» Your task
The response should consist of the records that follow, repeated exactly.

» Dataset excerpts
[Start of section]

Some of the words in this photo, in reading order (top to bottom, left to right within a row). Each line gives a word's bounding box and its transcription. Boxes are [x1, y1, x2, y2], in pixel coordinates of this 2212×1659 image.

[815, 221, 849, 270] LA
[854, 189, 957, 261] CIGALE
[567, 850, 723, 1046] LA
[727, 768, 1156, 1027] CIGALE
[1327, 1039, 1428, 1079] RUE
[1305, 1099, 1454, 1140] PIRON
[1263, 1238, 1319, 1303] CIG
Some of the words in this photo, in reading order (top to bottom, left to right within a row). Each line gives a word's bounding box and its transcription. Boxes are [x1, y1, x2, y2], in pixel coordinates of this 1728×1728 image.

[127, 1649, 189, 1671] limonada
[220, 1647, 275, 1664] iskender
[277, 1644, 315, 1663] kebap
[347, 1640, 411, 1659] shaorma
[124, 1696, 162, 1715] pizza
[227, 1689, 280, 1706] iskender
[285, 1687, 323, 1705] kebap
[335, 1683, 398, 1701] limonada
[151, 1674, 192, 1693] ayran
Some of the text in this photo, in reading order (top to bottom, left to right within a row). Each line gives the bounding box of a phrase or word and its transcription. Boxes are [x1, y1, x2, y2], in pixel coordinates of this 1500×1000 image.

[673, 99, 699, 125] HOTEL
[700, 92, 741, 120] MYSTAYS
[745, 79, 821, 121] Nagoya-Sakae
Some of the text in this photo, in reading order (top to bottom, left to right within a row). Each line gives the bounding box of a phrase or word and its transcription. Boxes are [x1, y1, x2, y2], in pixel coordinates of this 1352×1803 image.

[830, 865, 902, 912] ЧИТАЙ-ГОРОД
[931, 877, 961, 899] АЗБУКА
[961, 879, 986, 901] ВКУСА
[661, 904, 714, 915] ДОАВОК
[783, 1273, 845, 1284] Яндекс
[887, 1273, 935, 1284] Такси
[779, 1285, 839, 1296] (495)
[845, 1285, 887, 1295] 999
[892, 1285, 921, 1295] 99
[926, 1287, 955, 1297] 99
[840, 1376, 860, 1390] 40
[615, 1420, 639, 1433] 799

[End of section]

» Response to this exercise
Some of the words in this photo, in reading order (top to bottom, left to right within a row). Each line gives a word's bounding box and its transcription. Boxes are [x1, y1, x2, y2], in pixel coordinates of this 2212×1659 image.

[815, 221, 849, 270] LA
[854, 189, 957, 261] CIGALE
[567, 850, 723, 1046] LA
[727, 768, 1156, 1027] CIGALE
[1327, 1039, 1428, 1079] RUE
[1305, 1099, 1454, 1140] PIRON
[1263, 1238, 1319, 1303] CIG
Some of the words in this photo, in reading order (top to bottom, left to right within a row). Each line gives a word's bounding box and its transcription. Boxes are [x1, y1, x2, y2], in pixel coordinates of this 1728×1728 image.

[127, 1649, 189, 1671] limonada
[220, 1647, 275, 1664] iskender
[277, 1644, 315, 1663] kebap
[347, 1640, 411, 1659] shaorma
[124, 1696, 162, 1715] pizza
[227, 1689, 280, 1706] iskender
[285, 1687, 323, 1705] kebap
[335, 1683, 398, 1701] limonada
[151, 1674, 192, 1693] ayran
Some of the text in this photo, in reading order (top to bottom, left to right within a row). Each line gives the bounding box of a phrase or word and its transcription. Boxes are [x1, y1, x2, y2], in pixel coordinates of this 1500×1000 image.

[673, 99, 699, 125] HOTEL
[700, 92, 741, 120] MYSTAYS
[745, 79, 821, 121] Nagoya-Sakae
Some of the text in this photo, in reading order (top to bottom, left to right within a row). Each line gives the bounding box of a phrase or word and its transcription. Boxes are [x1, y1, x2, y2], in pixel coordinates of this 1352×1803 image.

[830, 865, 902, 912] ЧИТАЙ-ГОРОД
[931, 877, 961, 899] АЗБУКА
[961, 879, 986, 901] ВКУСА
[661, 904, 714, 915] ДОАВОК
[783, 1273, 845, 1284] Яндекс
[887, 1273, 935, 1284] Такси
[779, 1285, 839, 1296] (495)
[845, 1285, 887, 1295] 999
[892, 1285, 921, 1295] 99
[926, 1287, 955, 1297] 99
[840, 1376, 860, 1390] 40
[615, 1420, 639, 1433] 799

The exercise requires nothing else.